EXERCISE »
Transcribe all the entries word for word, but omit the images.

*** Opening SOURCE MATERIAL ***

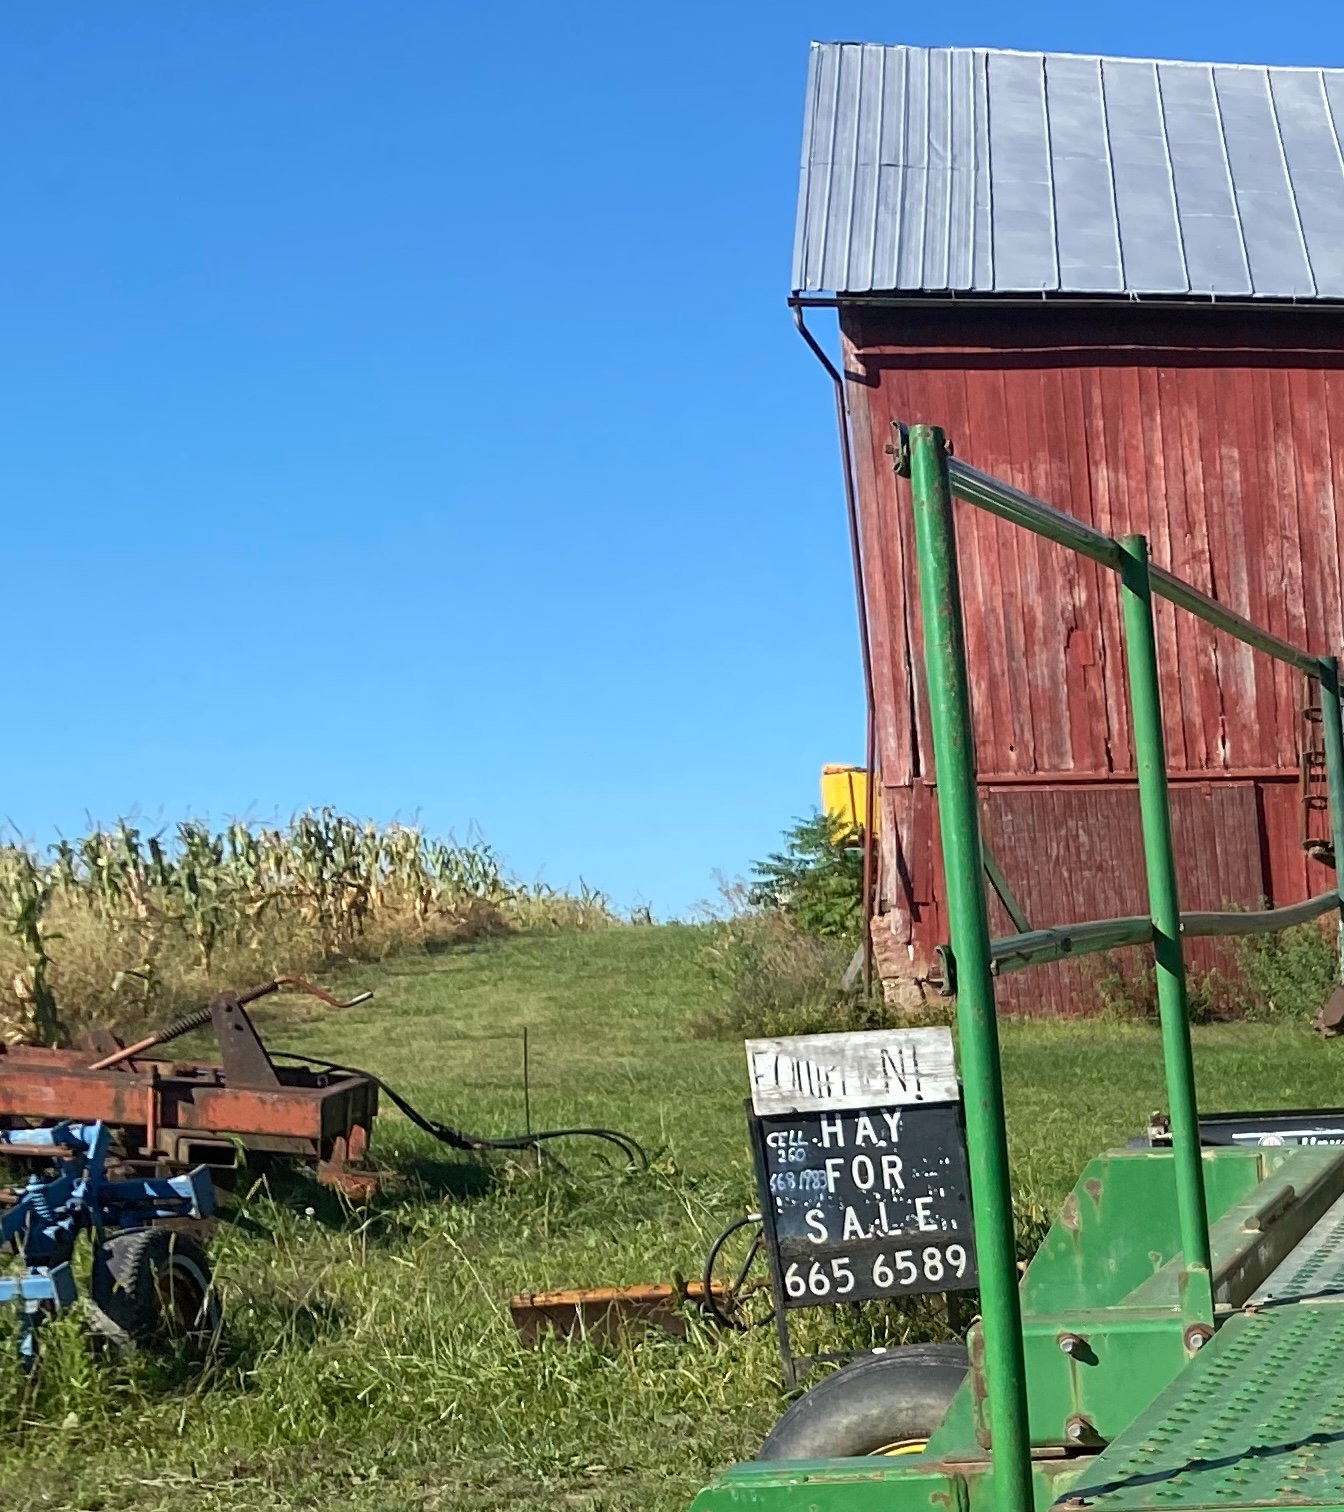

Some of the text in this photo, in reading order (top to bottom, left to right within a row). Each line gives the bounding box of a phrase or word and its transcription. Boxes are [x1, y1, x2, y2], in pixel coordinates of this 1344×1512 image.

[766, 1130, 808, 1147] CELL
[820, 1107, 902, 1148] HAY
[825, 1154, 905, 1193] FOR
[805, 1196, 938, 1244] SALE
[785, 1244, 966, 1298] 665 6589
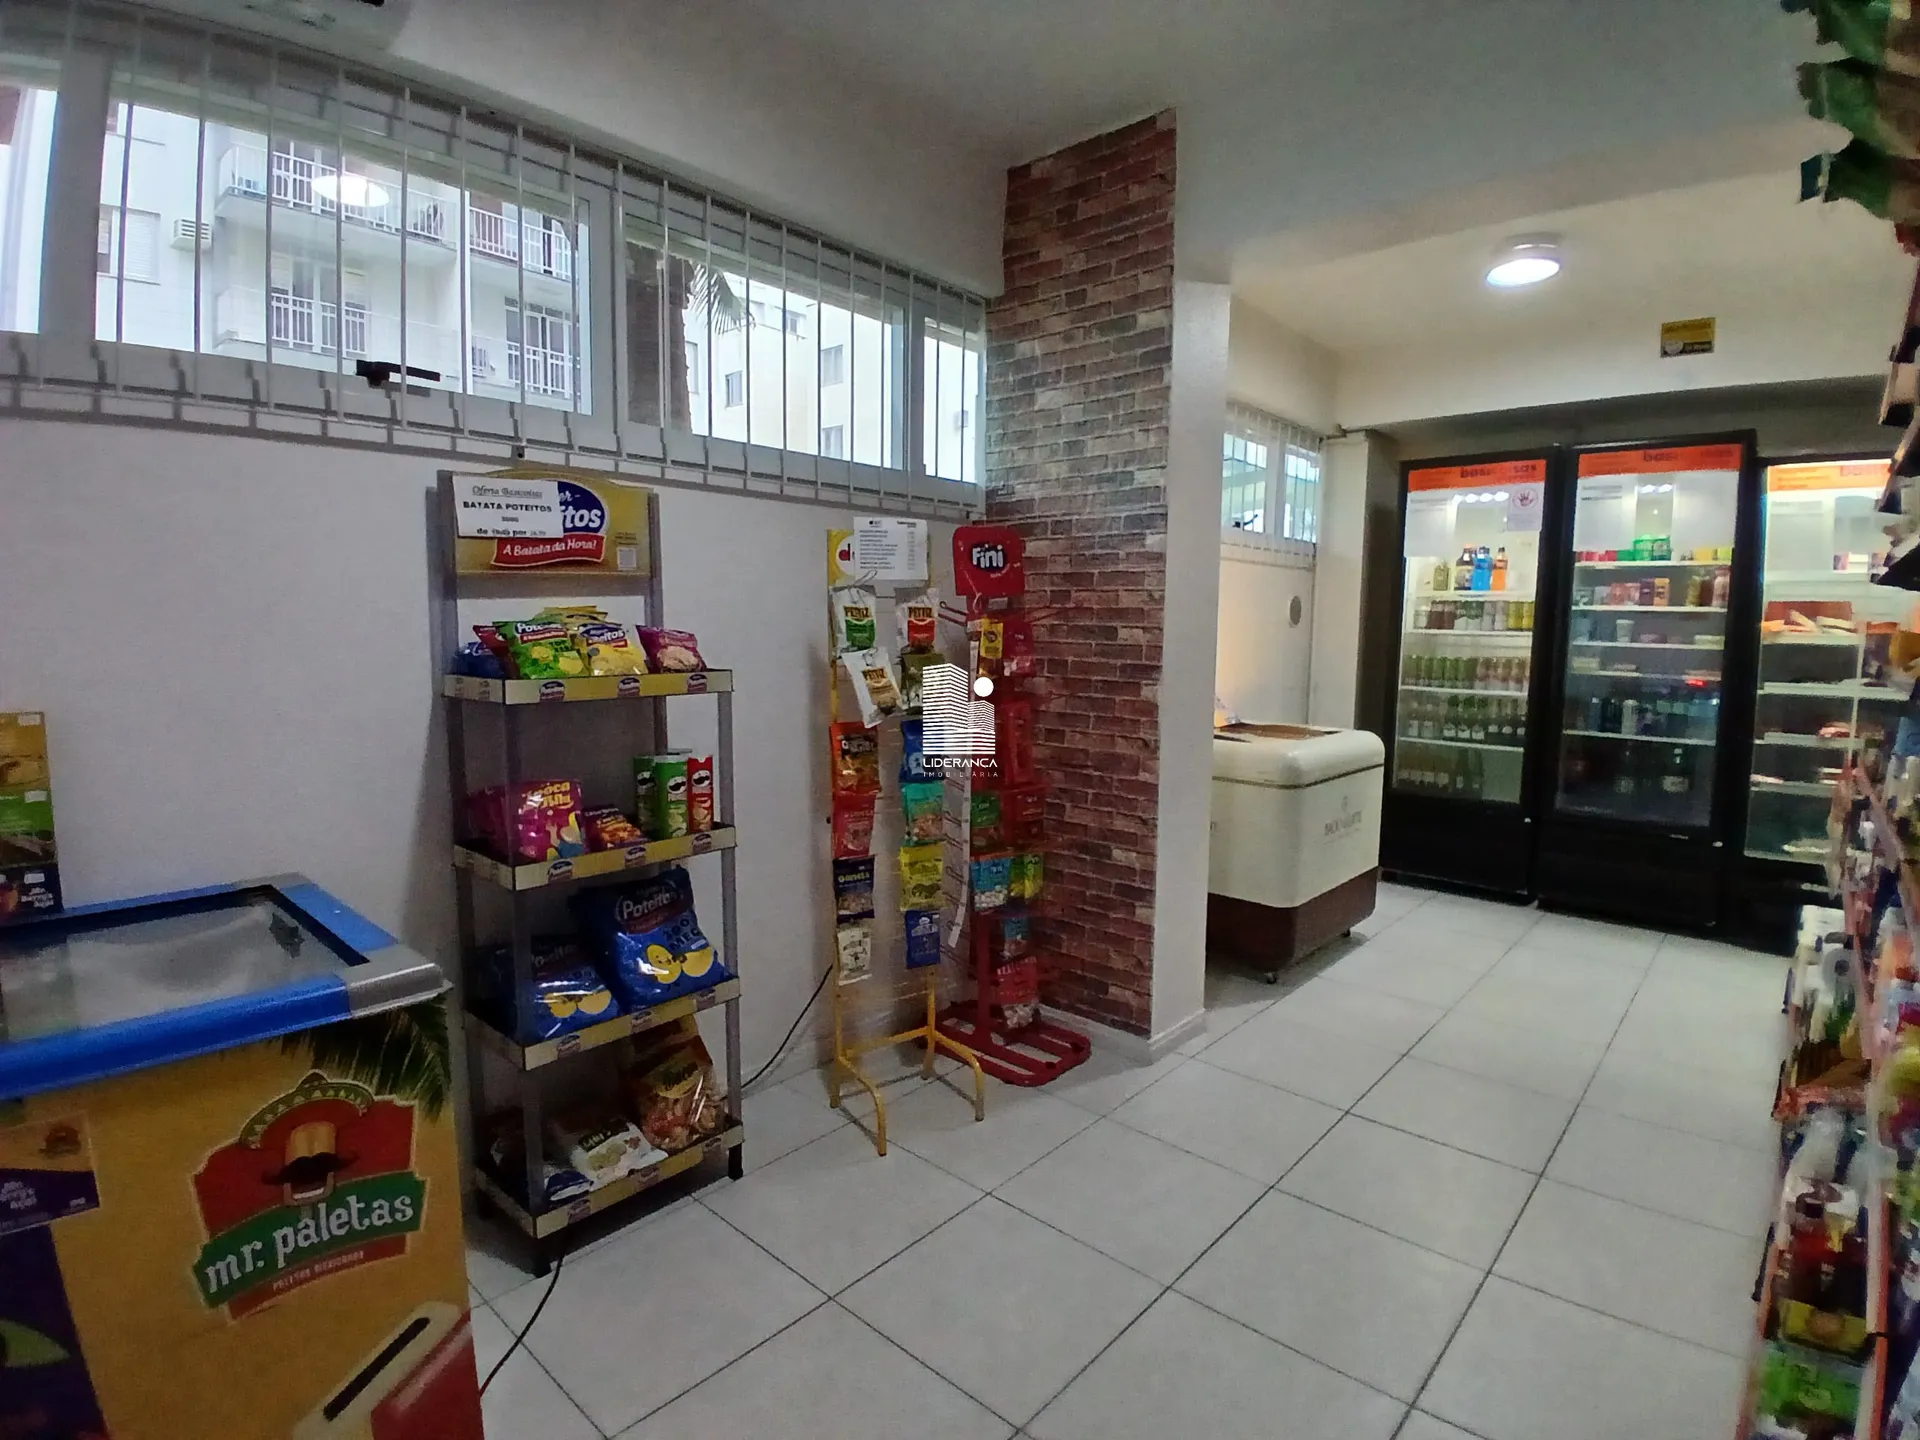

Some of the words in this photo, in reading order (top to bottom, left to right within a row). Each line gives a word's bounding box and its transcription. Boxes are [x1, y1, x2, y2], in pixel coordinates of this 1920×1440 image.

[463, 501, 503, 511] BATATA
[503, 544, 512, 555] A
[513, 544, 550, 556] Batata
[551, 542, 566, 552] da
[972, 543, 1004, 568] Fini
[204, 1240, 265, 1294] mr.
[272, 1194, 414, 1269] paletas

*** Closing SOURCE MATERIAL ***

ANSWER SPACE »
Some of the text in this photo, in reading order (top to bottom, left to right within a row). Each line gives the bounding box of a phrase or word and its transcription. Boxes are [x1, y1, x2, y2], in pixel coordinates of this 1344×1512 image.

[766, 1130, 808, 1147] CELL
[820, 1107, 902, 1148] HAY
[825, 1154, 905, 1193] FOR
[805, 1196, 938, 1244] SALE
[785, 1244, 966, 1298] 665 6589

Some of the words in this photo, in reading order (top to bottom, left to right within a row). Each line gives a word's bounding box and its transcription. Boxes are [x1, y1, x2, y2], in pixel coordinates of this 1920×1440 image.

[463, 501, 503, 511] BATATA
[503, 544, 512, 555] A
[513, 544, 550, 556] Batata
[551, 542, 566, 552] da
[972, 543, 1004, 568] Fini
[204, 1240, 265, 1294] mr.
[272, 1194, 414, 1269] paletas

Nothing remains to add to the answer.